Depression & the Serotonin System
Depression is one of the leading causes for disability WORLDWIDE.
There are currently 121 million people worldwide who are affected by depression.
Only 25% — ¼ — of those individuals have proper access to effective treatment for the disease.
THEN, of that 25% of depressed patients, only about 60 to 80 % report to have been treated effectively.
This means that roughly 25 to 50 million people worldwide experience no relief from their systems, and receive no adequate treatment.
Despite all of these statistics that indicate that depression is nearly unbeatable in many cases, it can in fact be diagnosed and treated in primary care.
So – how is depression treated? The simple answer is that depression individuals are more often than not prescribed anti-depressant drugs. These anti-depressants, sometimes called AD’s, work by elevating levels of brain norepinephrin, which is more commonly known as serotonin.

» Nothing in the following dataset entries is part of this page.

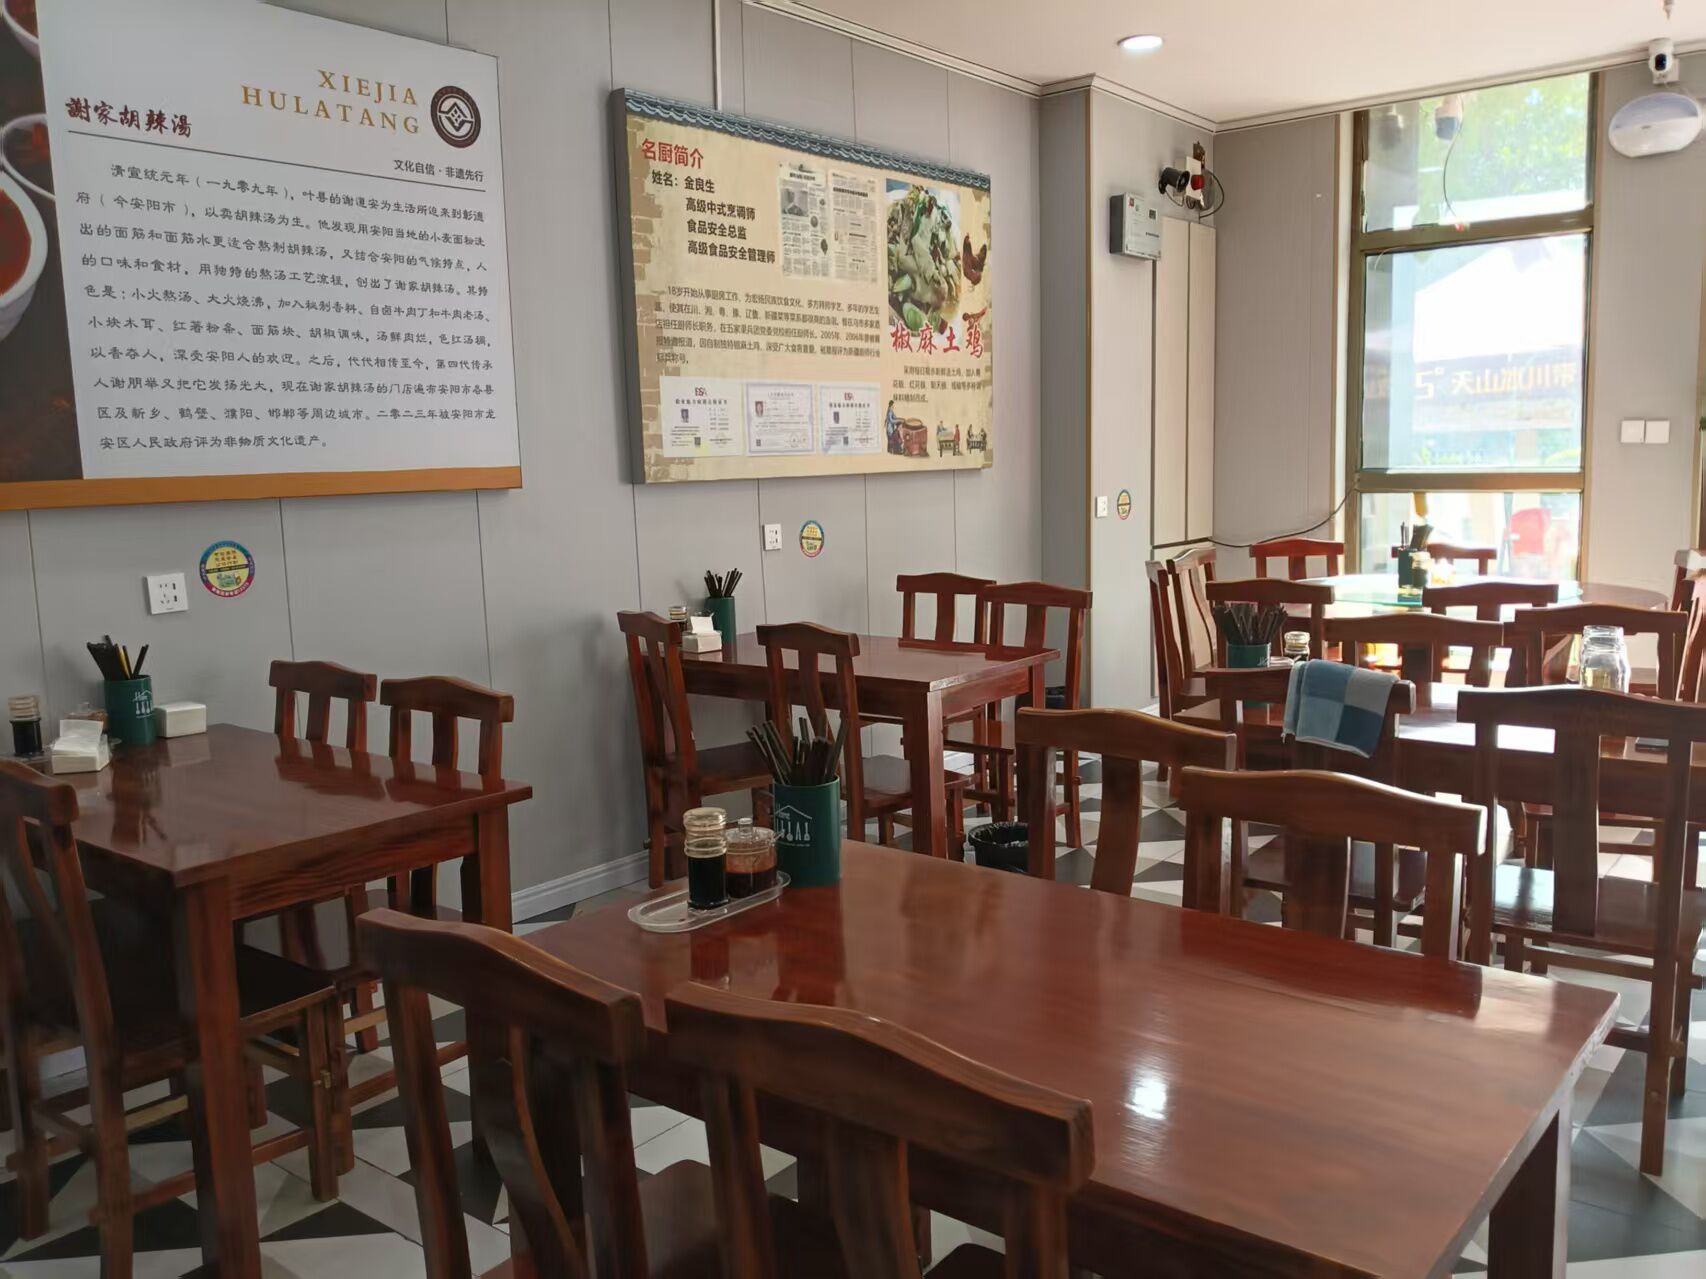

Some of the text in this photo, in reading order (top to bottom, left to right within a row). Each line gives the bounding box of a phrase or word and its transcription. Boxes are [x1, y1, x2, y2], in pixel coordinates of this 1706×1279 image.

[318, 69, 418, 105] XIEJIA
[241, 85, 420, 135] HULATANG
[641, 138, 704, 169] 名厨简介
[686, 197, 756, 221] 高级中式烹调师
[687, 218, 748, 240] 食品安全总监
[688, 239, 776, 264] 高级食品安全管理师
[890, 322, 983, 358] 椒麻土鸡
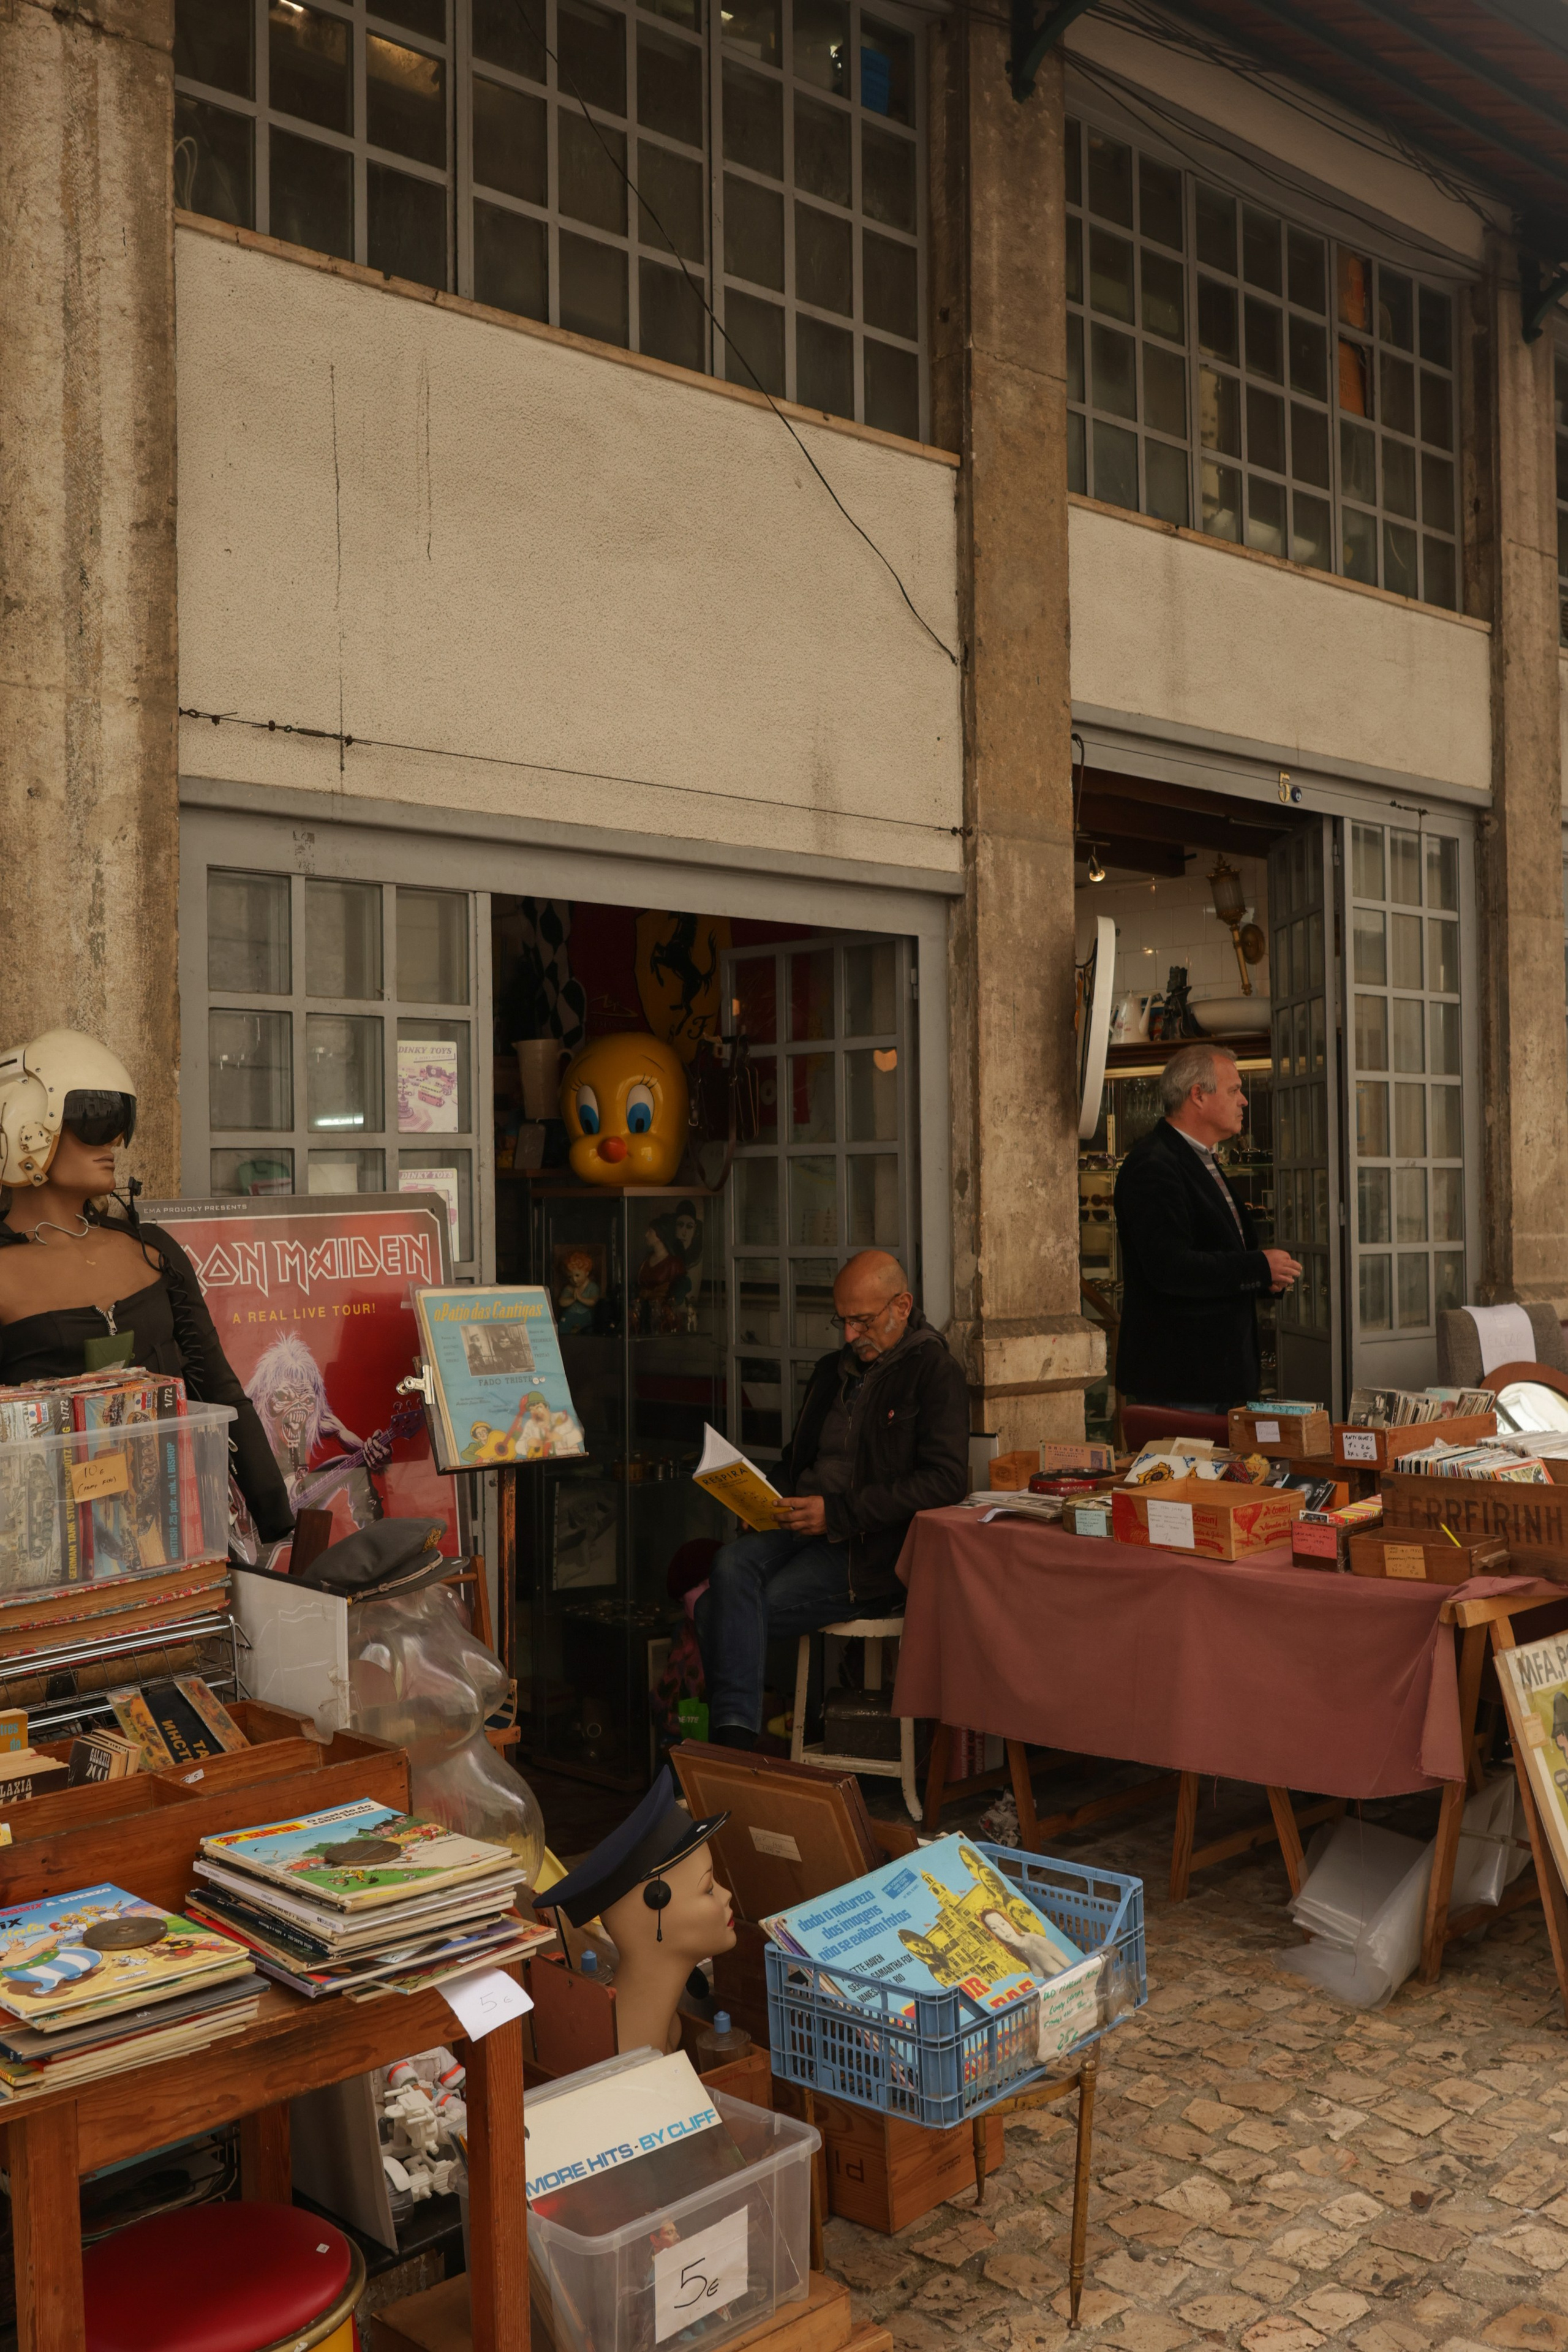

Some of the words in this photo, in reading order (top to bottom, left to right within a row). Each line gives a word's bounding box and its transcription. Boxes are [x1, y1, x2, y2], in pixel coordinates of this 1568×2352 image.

[1278, 771, 1290, 803] 5
[271, 1233, 432, 1295] MAIDEN
[233, 1313, 241, 1324] A
[249, 1309, 287, 1322] REAL
[294, 1306, 326, 1319] LIVE
[332, 1303, 376, 1316] TOUR!
[492, 1300, 543, 1323] Cantigas
[505, 1375, 533, 1384] TRISTE
[164, 1387, 173, 1408] 1/72
[61, 1400, 69, 1420] 1/72
[166, 1442, 176, 1473] BISHOP
[702, 1468, 748, 1485] RESPIRA
[168, 1480, 176, 1495] mk.
[168, 1496, 178, 1513] pdr.
[169, 1515, 178, 1525] 25
[67, 1521, 76, 1544] TANK
[170, 1527, 179, 1558] BRITISH
[69, 1545, 78, 1580] GERMAN
[10, 1738, 21, 1751] da
[89, 1748, 111, 1769] GALAXIA
[317, 1809, 357, 1821] castelo
[58, 1887, 111, 1903] UDERZO
[797, 1913, 827, 1932] dada
[830, 1890, 876, 1917] natureza
[821, 1923, 843, 1940] das
[840, 1905, 883, 1930] imagens
[818, 1945, 842, 1962] não
[837, 1939, 854, 1951] se
[849, 1921, 888, 1946] exibem
[864, 1953, 886, 1969] HAVEN
[870, 1959, 903, 1980] SAMANTHA
[900, 1953, 914, 1965] FOX
[892, 1973, 906, 1985] RIO
[526, 2160, 587, 2198] MORE
[586, 2143, 634, 2172] HITS
[638, 2128, 664, 2151] BY
[666, 2108, 717, 2139] CLIFF

HOWEVER, typically, the effects of AD therapy lag about 3 to 4 weeks behind this elevation in brain serotonin levels – and THIS finding suggests that long-term changes neural plasticity or neurochemistry are mediating antidepressant effects. The enzyme that is responsible for the synthesis of serotonin in the brain is called tryptophan hydroxylase 2 (TPH2), and mutations in the TPH2 gene have been strongly associated with major depression and responses to antidepressants.
Thus, this brings me to the focus of the lab that I have been working with since joining the Research Scholars Program.
We are currently investigating the effects of brain serotonin deficiency in response to AD’s.
In order to do this, my mentor and I have been comparing the cellular responses of WT mice and mice with a ‘loss of function’ mutation in their TPH2 gene to chronic treatment with antidepressants.
So far, we know that CHRONIC and NOT ACUTE treatment with fluoxetine (the active ingredient in AD’s like Prozac) for 3 weeks leads to increased neurogenesis in the dentate gyrus of the non-mutant mice, while those mice with mutant forms of TPH2 no show increased neurogenesis.
NOW, we are in the process of determining whether serotonin supplementation in mutant TPH2 mice restores the therapeutic effectiveness of fluoxetine by restoring the ability to increase neurogenesis in the dentate gyrus.
And just to clarify, serotonin supplentation simply means that we administer the neural serotonin precursor – 5-HTP— to the mice with the TPH2 loss of function mutation.
As it stands, the goal of this study is to eventually make it possible to screen depression patients for TPH2 mutations or for brain 5-HT (serotonin) deficiency, thereby allowing medical professionals to specifically treat those individuals with a combined SSRI (antidepressant) AND serotonin supplementation strategy.